_Extracted material:_
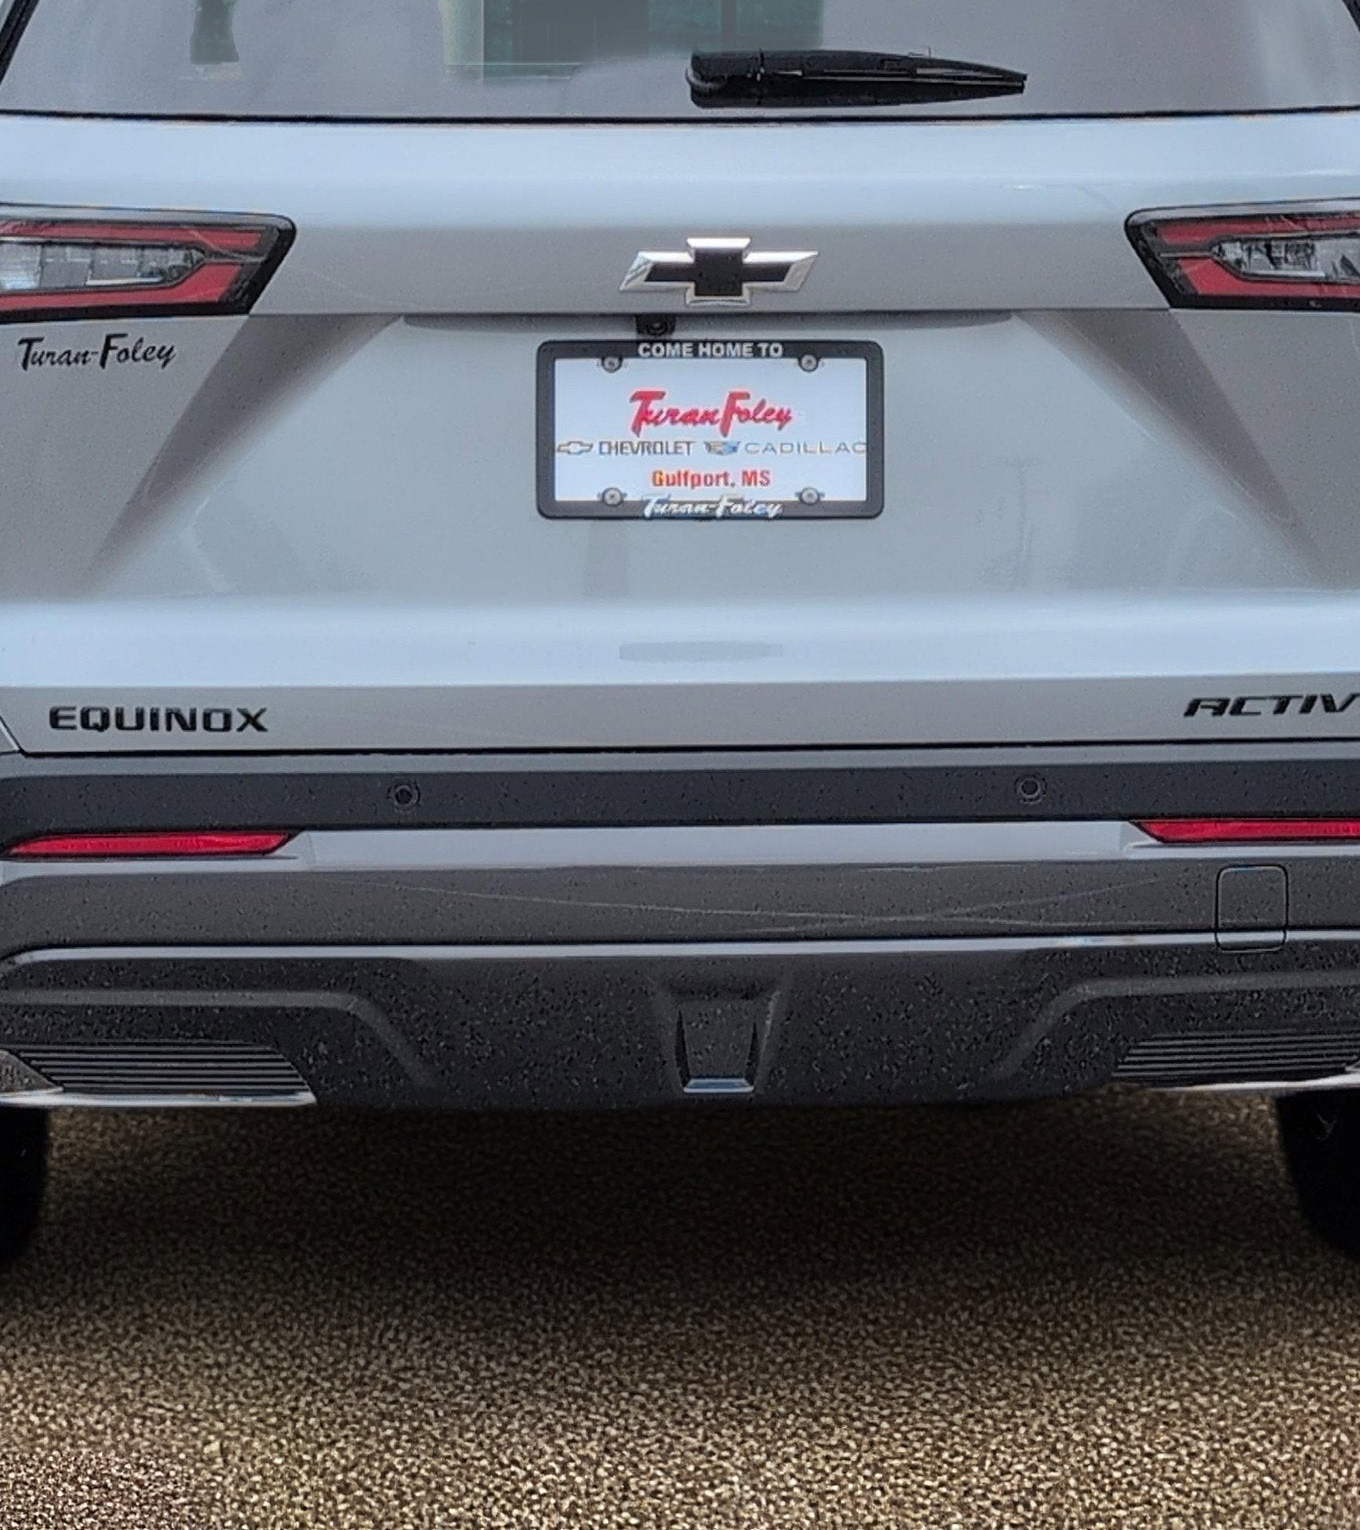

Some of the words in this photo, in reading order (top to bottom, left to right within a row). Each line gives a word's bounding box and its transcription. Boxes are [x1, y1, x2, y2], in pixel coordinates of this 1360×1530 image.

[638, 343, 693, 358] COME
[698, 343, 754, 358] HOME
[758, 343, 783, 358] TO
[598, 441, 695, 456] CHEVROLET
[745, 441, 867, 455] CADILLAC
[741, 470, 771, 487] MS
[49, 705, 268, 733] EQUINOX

_Assignment:_ Nothing but the exact text of the records should appear in your answer, with no pictures. Please write it out.

_Exercise response:_
Some of the words in this photo, in reading order (top to bottom, left to right within a row). Each line gives a word's bounding box and its transcription. Boxes are [x1, y1, x2, y2], in pixel coordinates of this 1360×1530 image.

[638, 343, 693, 358] COME
[698, 343, 754, 358] HOME
[758, 343, 783, 358] TO
[598, 441, 695, 456] CHEVROLET
[745, 441, 867, 455] CADILLAC
[741, 470, 771, 487] MS
[49, 705, 268, 733] EQUINOX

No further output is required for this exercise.